We all love sewing for ourselves and our families and friends. Making something “with love” is a great way to show people you care. If you have never sewn for charity, you’ll quickly find it’s a wonderful way to share your love of sewing, and help someone in need at the same time. And who doesn’t have a bit of extra fabric in their stash? There are plenty of project options available, so you should easily be able to find a need that fits within your available time and skill set.
Here are a few of the best ways to contribute to charities with your sewing!
Photo courtesy of Vanessa Vancour and friends, who sewed chemotherapy turbans and had a fun evening!
Charitable organizations that need sewing help:
1. Dress a Girl Around the World
Girls helping girls around the world by making pillowcase dresses. Photo courtesy of Dress A Girl Around the World.

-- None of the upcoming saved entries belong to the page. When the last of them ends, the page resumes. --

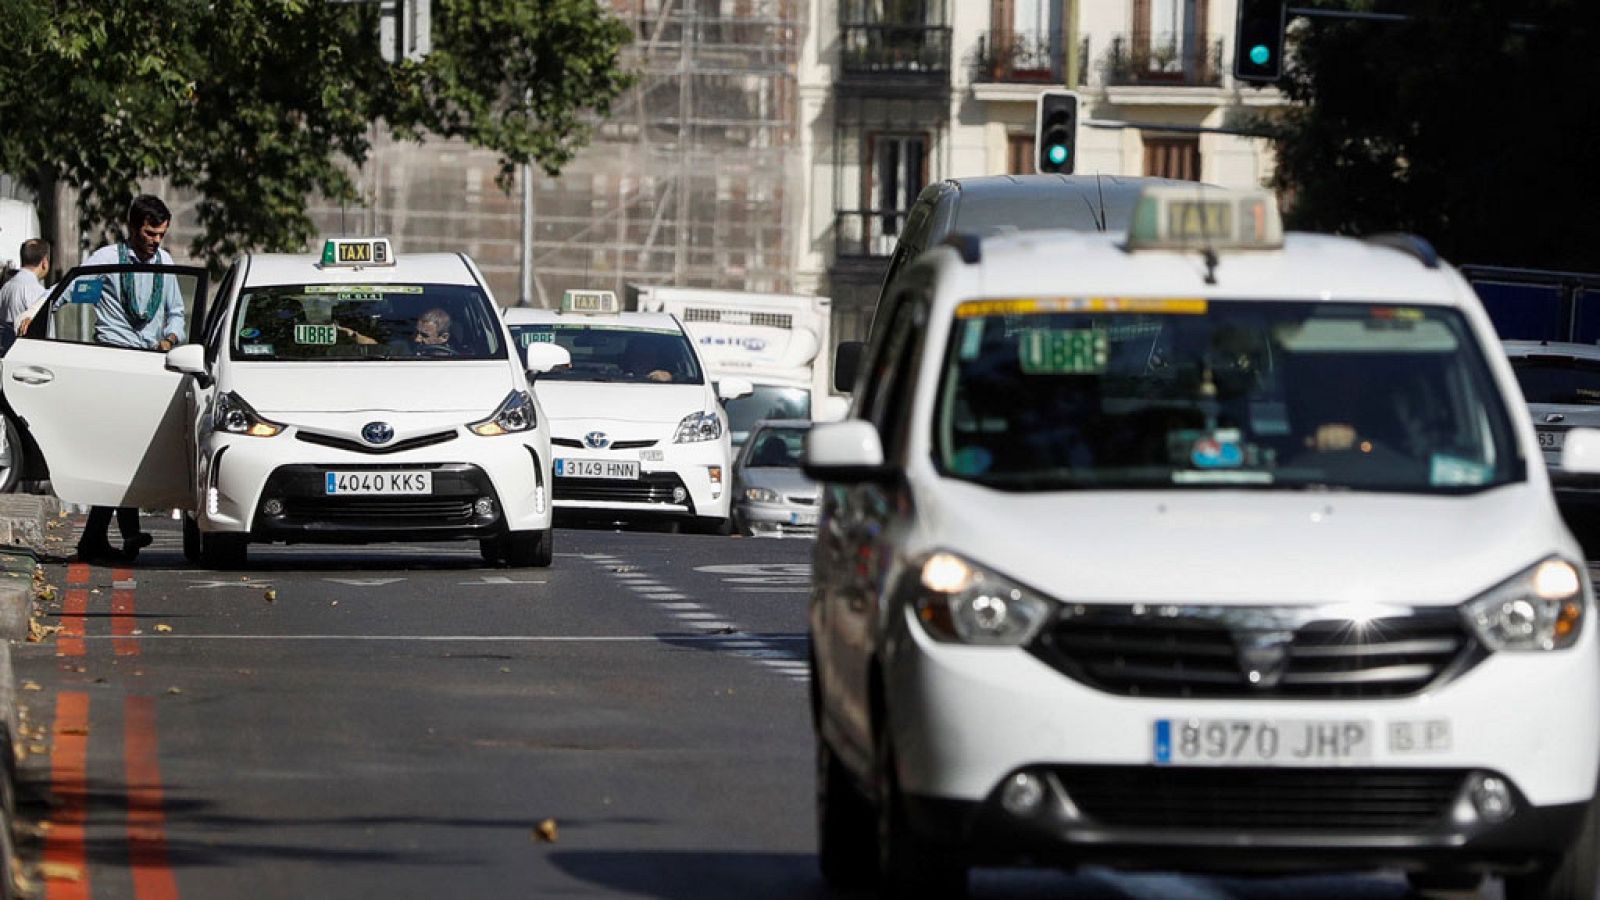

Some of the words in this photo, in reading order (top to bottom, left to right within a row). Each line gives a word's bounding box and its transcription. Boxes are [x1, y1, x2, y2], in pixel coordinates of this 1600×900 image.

[1170, 202, 1231, 237] TAXI
[340, 244, 369, 260] TAXI
[574, 294, 600, 310] TAXI
[296, 325, 335, 343] LIBRE
[1021, 331, 1108, 370] LIBRE
[566, 461, 602, 476] 3149
[607, 463, 634, 477] HNN
[338, 474, 384, 492] 4040
[391, 474, 425, 492] KKS
[1180, 721, 1280, 759] 8970
[1292, 721, 1365, 759] JHP
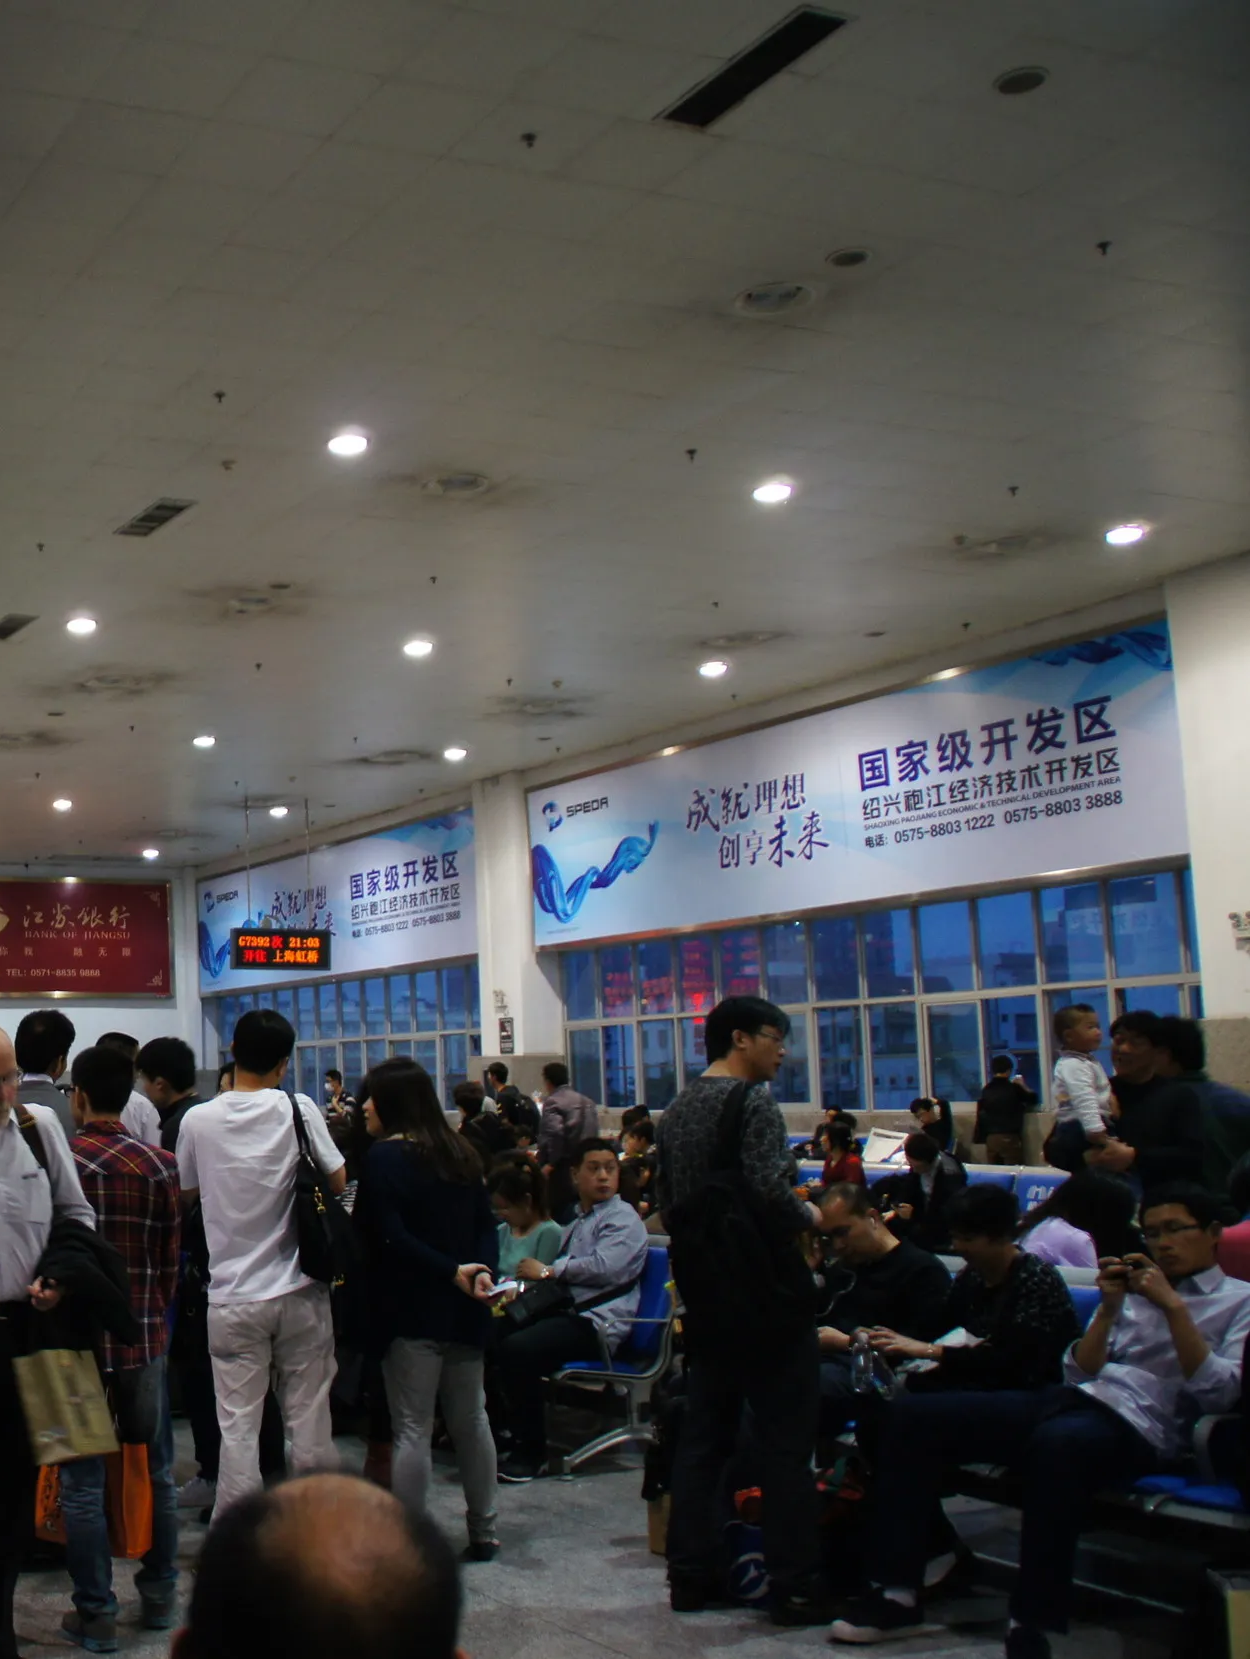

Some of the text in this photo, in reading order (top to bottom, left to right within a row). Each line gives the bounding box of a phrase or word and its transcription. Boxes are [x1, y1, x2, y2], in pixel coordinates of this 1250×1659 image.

Sponsored by Hope 4 Women International, this program provides dresses to girls in countries near and far. By making a simple dress from a pillowcase or minimal fabric, you can provide dignity for little girls who frequently have nothing at all to wear. Download the instructions and pattern for these simple, cute dresses from the pattern section of their Web site.
Photo courtesy of American Patchwork & Quilting used with permission.
Anyone can make a pillowcase, right? The great news is there’s no need to pack and ship your pillowcases, as it is very likely you have a hospital or other organization in your neighborhood that would love the gift of a bright, cheerful pillowcase made with love. Also AllPeopleQuilt.com is challenging sewers to donate 1 million pillowcases to any number of charities. Be sure to get your donation counted by updating their online pillowcase counter or sending an email to email@example.com with your name and pillowcase tally.
3. CareWear Volunteers, Inc.
Care Wear is a nationwide group of volunteers who knit, crochet, and/or sew, providing handmade baby items directly to hospitals. All Care Wear items are distributed by hospital staff absolutely FREE to infants, children and their parents. Example projects and patterns include bunnies, bears, preemie kimonos, simple blankets or quilts, and plenty more wonderful sewing items.
If you are looking for a super quick and easy project, try whipping up a few chemotherapy turbans. With just 5/8 of a yard of a stretchy knit fabric (or a tad more) you can grab a group of friends and set to making these simple hats assembly-line style. Radiation treatment centers and oncologists in your city can be contacted to accept your donations.
This project was born when Beverly Marek’s mother, Marion Windstrup, was under hospice care in 1995. Every time that Beverly visited her mother, there was no place to put her personal items within easy reach because of her mother’s limited range of motion. Beverly got busy and designed and made the first “hospital bed saddlebag.” You can check with local hospitals in your area to see if this is an item they could use for hospice or other bed-ridden patients. Saddlebags are also a great help to anyone who must spend time in a wheelchair.
6. Walker Caddies
Photo courtesy of Craftsy member In My Studio
Walker caddies provide a handy spot for those who use a walker to store a few personal items, and have easy access to them right at their fingertips. This is a quick project to make, and since it takes a small amount of fabric it can often be made from existing project scraps. Be sure to also check out Craftsy member Buckets Gone Wild’s FREE pattern for another version of a walker caddy.
By no means is this an exhaustive list of organizations that could use your sewing skills, it is just a start to get you thinking. Be sure to check out Craftsy Cares from time to time to see what initiatives we’re working on that you can contribute to as well. Beyond that, you can contact shelters, hospitals, service organizations, pet shelters and veterans organizations in your neighborhood to find a program that speaks to your heart, and will bless another’s life at the same time.
What is your favorite organization to sew for?